• **Information supplied**
---+---

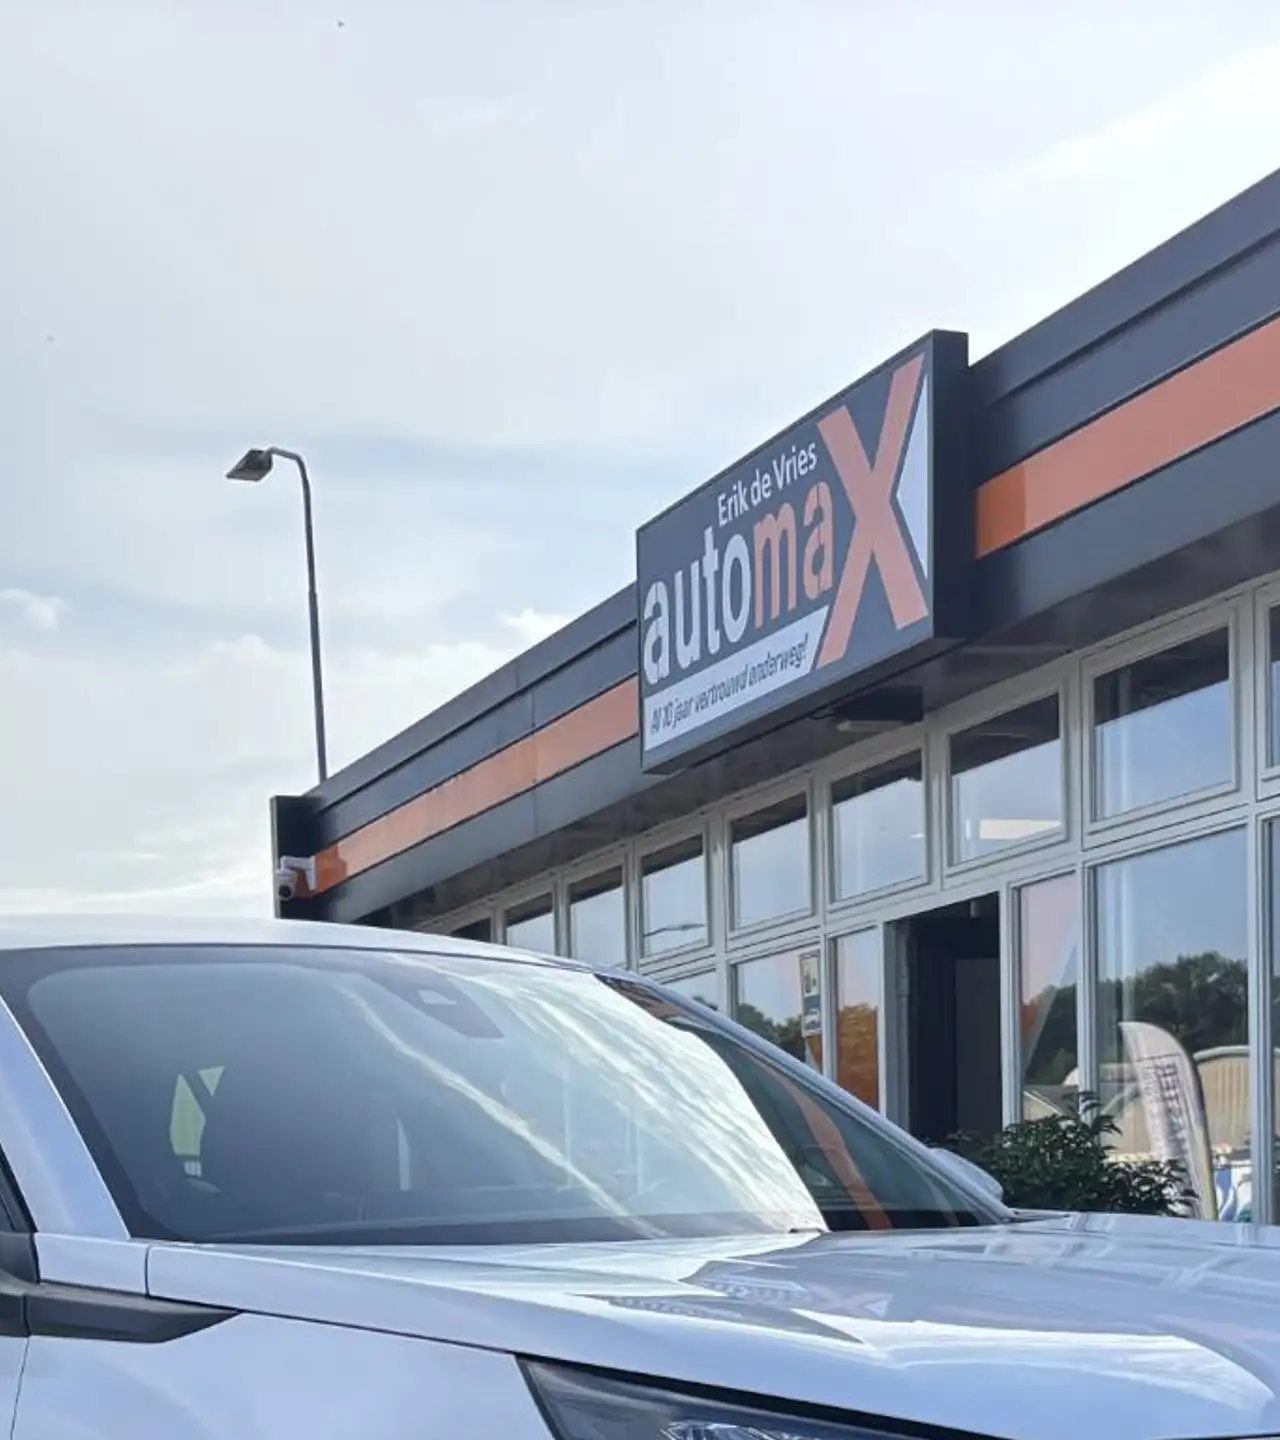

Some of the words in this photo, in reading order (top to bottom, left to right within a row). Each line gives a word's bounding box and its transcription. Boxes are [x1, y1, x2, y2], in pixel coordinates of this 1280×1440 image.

[642, 352, 927, 685] automaX
[718, 480, 749, 527] Erik
[750, 468, 773, 507] de
[771, 442, 818, 491] Vries

---+---

• **Action item**
The entries above must be restated exactly in the answer, and the pictures left out.

• **Solution**
Some of the words in this photo, in reading order (top to bottom, left to right within a row). Each line gives a word's bounding box and its transcription. Boxes are [x1, y1, x2, y2], in pixel coordinates of this 1280×1440 image.

[642, 352, 927, 685] automaX
[718, 480, 749, 527] Erik
[750, 468, 773, 507] de
[771, 442, 818, 491] Vries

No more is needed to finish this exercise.